In a post earlier today, I mentioned that VAT/GST/HST is unfairly excluded from the Foreign Tax Credit because it is not an income tax. This creates the possibility that US persons in Canada and Europe, are subject to double taxation, especially those with unearned income who live off of interest and dividends.
But don’t get me wrong. As unpopular as the GST/HST is, I am all in favor of it. It means that everyone who consumes products has to pay some taxes, though I do wish that the total tax burden in Canada was less. In the United States, there is no GST or VAT. That is part of the problem.
Tax Freedom Day is June 6 in Canada, and I wish it were in February. In the United States, Tax Freedom day is April 12. The IRS is coming after us Canadians to pay taxes, when the vast majority of Americans don’t pay as much as we do.
This problem is related to democracy. In order to get votes, if you are US congressman, you never raise taxes on the majority of your voters. The Bush tax cuts, for example, contrary to the constant rhetoric coming from the media, relieved those under the average income of virtually all federal income taxes (not payroll Social security, etc.). Consider this chart:
- The top 1 percent: Americans who earned an adjusted gross income of $410,096 or more accounted for 22.8 percent of all wages.

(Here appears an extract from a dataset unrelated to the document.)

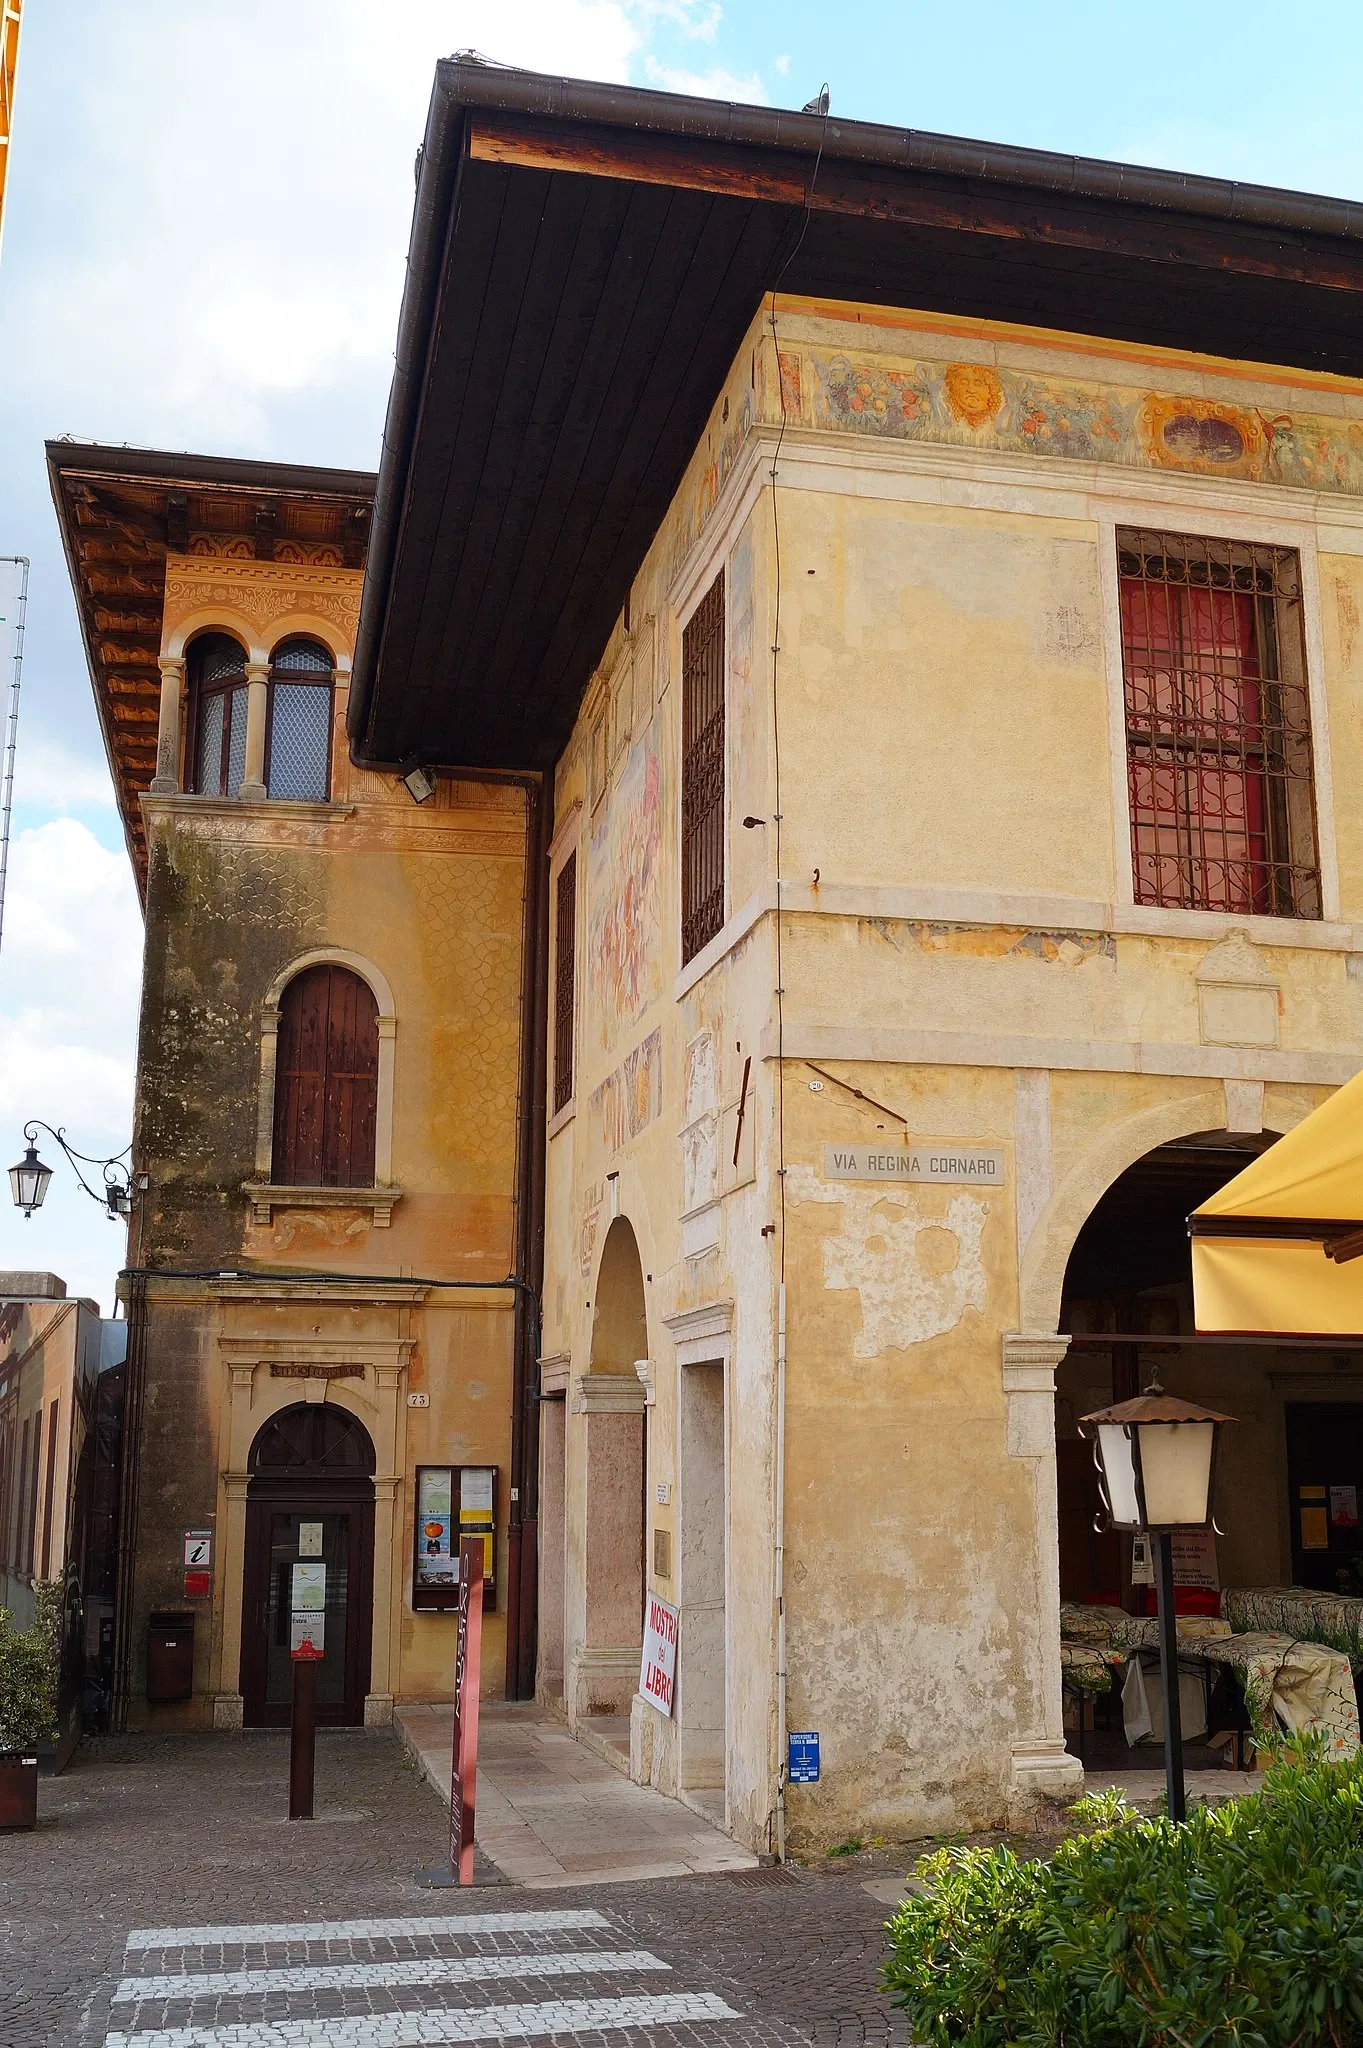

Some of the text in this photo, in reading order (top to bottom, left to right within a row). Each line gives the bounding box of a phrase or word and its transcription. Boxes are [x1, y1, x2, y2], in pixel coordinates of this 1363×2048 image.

But they paid 40.4 percent of total reported income taxes, an increase from 39.9 percent in 2006, according to the IRS.
- The top 5 percent: Americans who earned $160,041 or more accounted for 37.4 percent of all wages in 2007. But they paid 60.6 percent of the country’s total reported income taxes, up from 60.1 percent a year earlier.
- The top 10 percent: Americans who earned at least $113,018 paid 71.2 percent of the nation’s income taxes, up from 70.8 percent a year earlier.
- The top 25 percent: Americans who earned at least $66,532 paid 86.6 percent of the nation’s income taxes, up from 86.3 percent a year earlier.
- The top 50 percent: Americans who earned at least $32,879 paid 97.1 percent of the nation’s income taxes, up from 97 percent a year earlier.
- The bottom 50 percent: Americans who earned less than $32,879 paid 2.9 percent of the nation’s income taxes, down from 3 percent a year earlier.
This should make those of us in Canada extremely, outrageously angry. The IRS is coming after us for taxes. And yet we pay, we pay and we pay. But the 50 per cent of wage earners who are under the media income in the United States are paying only 3 per cent of the total income taxes in the United States (and no VAT or GST).
During Occupy Wall Street, we heard about the 1%, yet the 1% pay 40% of all income taxes in the United States. Seems to me that they are paying their fair share. When too much of the tax burden falls on the high income earners, they are tempted to expatriate their wealth, their businesses and the jobs they provide. The rich go away, and they hide their money in tax havens, and the IRS has to go after them with a great big club that whacks a bunch of innocent US persons living overseas instead. Such a solution is no solution but rather demagoguery.
Does this make you angry?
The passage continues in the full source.